LXIX
ПОБЕГ АРЕСТАНТОВ
"Жил-был на свете добрый молодец, а прозвание молодцу было Хмелинушка-бездельный", - рассказывал Кузьма Облако собравшейся вокруг него, по обычаю, кучке арестантов, когда Гречка вошел в эту камеру, непосредственно после своего решения о скором побеге.
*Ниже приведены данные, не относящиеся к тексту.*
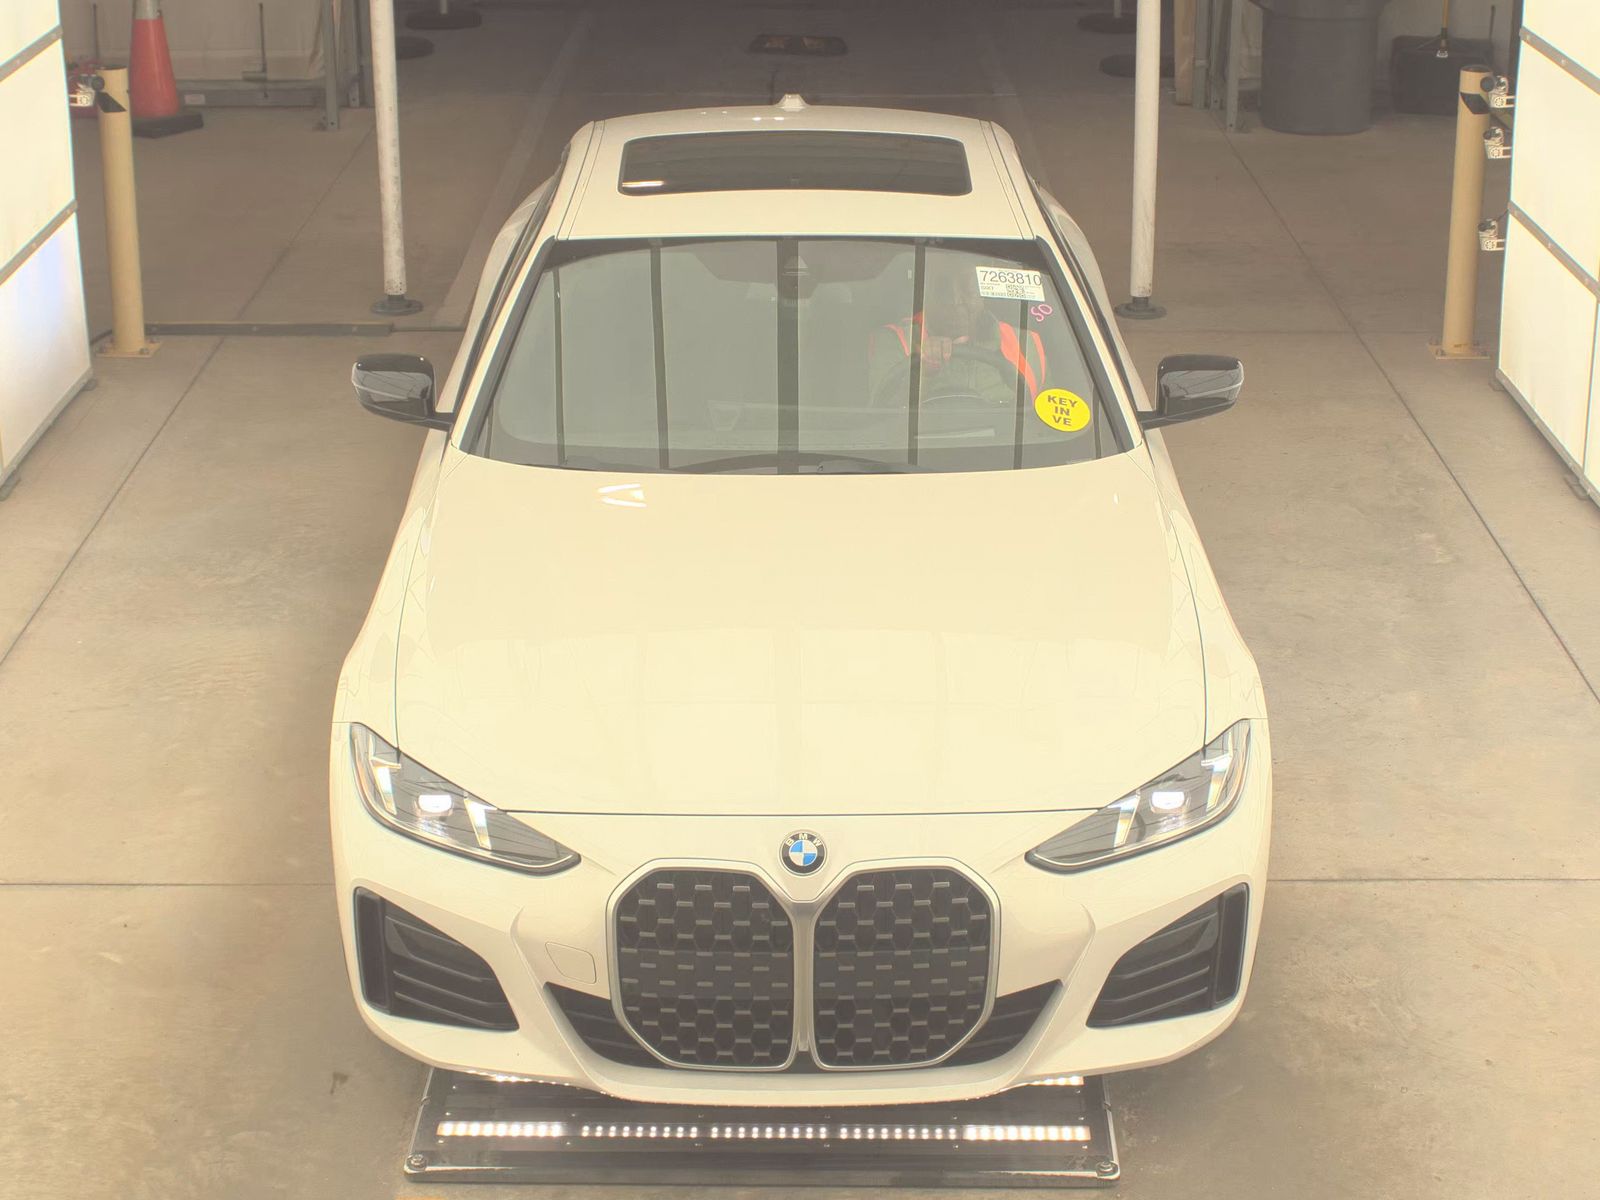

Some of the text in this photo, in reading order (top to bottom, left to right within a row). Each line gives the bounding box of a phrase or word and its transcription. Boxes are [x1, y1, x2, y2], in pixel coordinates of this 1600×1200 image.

[980, 270, 1041, 286] 7263810
[1047, 395, 1077, 408] KEY
[1054, 406, 1070, 416] IN
[1052, 415, 1072, 426] VE
[785, 833, 822, 847] BMW
Он пришел сюда с целью окончательно сговорить себе подходящего товарища, которого он наметил уже гораздо раньше и недели за три до описанных происшествий успел даже раза два намекнуть ему о возможности побега. Гречка знал, что это человек решительный и предприимчивый, со стороны которого едва ли встретится отказ. Вошел он в камеру в начале седьмого, спустя около двух часов после смерти Бероевой.
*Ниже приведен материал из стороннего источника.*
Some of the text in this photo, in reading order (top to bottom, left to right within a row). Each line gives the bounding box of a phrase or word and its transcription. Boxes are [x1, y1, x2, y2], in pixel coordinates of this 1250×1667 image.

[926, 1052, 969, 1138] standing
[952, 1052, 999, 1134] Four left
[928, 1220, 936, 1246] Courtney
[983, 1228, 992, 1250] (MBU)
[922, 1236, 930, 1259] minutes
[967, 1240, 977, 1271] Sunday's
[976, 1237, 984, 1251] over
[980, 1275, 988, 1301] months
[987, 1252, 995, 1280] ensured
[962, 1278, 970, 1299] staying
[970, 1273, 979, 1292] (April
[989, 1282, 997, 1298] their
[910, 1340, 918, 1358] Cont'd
"Задумал Хмелинушка жениться, крестьянским хлебом кормиться, продолжал Облако. - Оженился Хмелинушка - жонка вышла неудачливая: где бы печь истопить да варева наварить, а она в гречку скакать, в конопли хорониться да с чужими парнями водиться. Задумал Хмелинушка нову тесову избу поставить - жить хозяином да господа славить. Поставил - пришел огонь, повыгнал Хмелинушку вон: погорела изба. Пошел Хмелинушка в поле - полоску боронить, на зиму хлебушки накопить.
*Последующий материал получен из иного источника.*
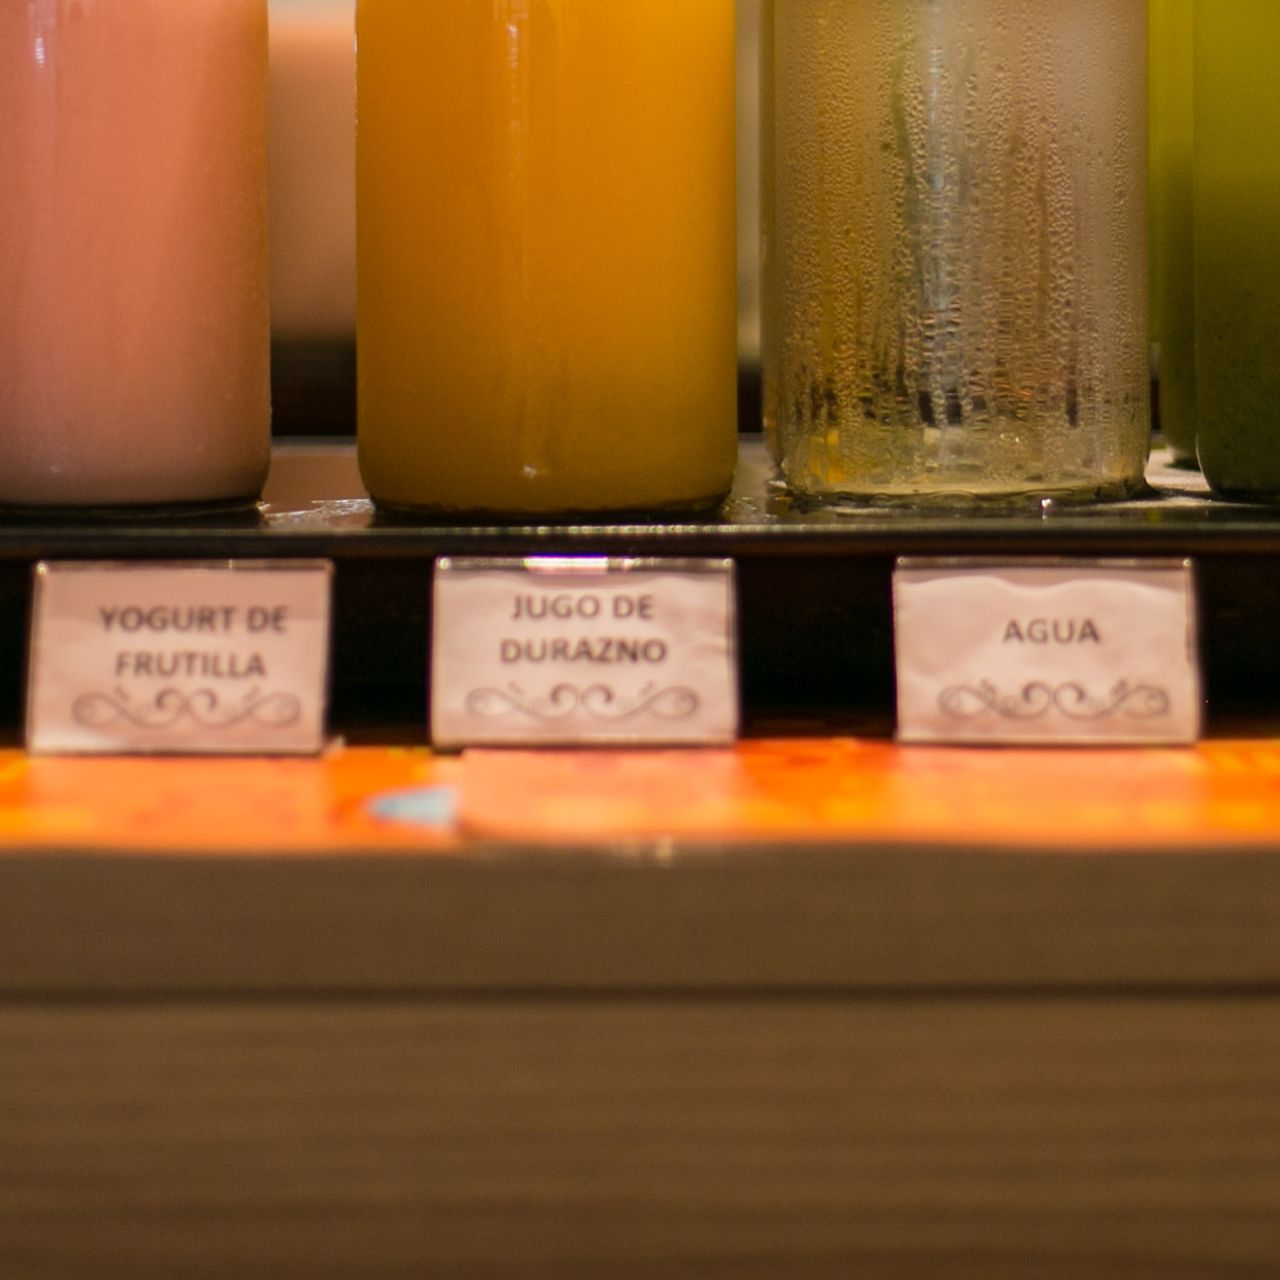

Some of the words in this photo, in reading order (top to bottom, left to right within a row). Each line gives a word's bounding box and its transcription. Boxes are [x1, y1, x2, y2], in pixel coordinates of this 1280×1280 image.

[99, 607, 236, 633] YOGURT
[248, 607, 288, 632] DE
[511, 594, 602, 621] JUGO
[613, 595, 656, 618] DE
[1003, 618, 1101, 644] AGUA
[116, 653, 267, 677] FRUTILLA
[501, 639, 669, 665] DURAZNO
Уродило яровое, да пришел град небесный, повыбил Хмелинушкину ржицу. Видит Хмелинушка, во всем ему незадача. Пошел Хмелинушка куда глаза глядят, а навстречу ему Горе идет, на клюку опираючись, над Хмелиною насмехаючись. Само Горе лыком подпоясано, а ноги мочалами изопутаны. Испужался Хмелина Горя безобразного, да в темные леса от него поскорей! Глядит - а Горе прежде его в темный лес зашло, навстречу идет да поклон отдает. Пуще того испужался Хмелинушка, бежать ударился, да и прибег в почестный пир христианский: нет места во пиру Хмелинушке, потому - Горе раньше зашло, да на его место уселось. Тут Хмелинушка от Горя - во царев кабак, а Горе встречает, уж и водку-пиво тащит, да востер булатный нож подает. Подружился Хмелинушка с Горем, брательски с ним побратался, и говорит ему Горе великое: "Дам тебе я, доброму молодцу, путь пространный, дорогу широкую, дам тебе я хоромину крепкую да теплую, дам тебе я хлеб да одежду богатую. Дорога моя Володимирка, хоромина - сибирский острог, а хлеб да одежина - казенныи, не простые казенныи, а клейменыи, арестантскии".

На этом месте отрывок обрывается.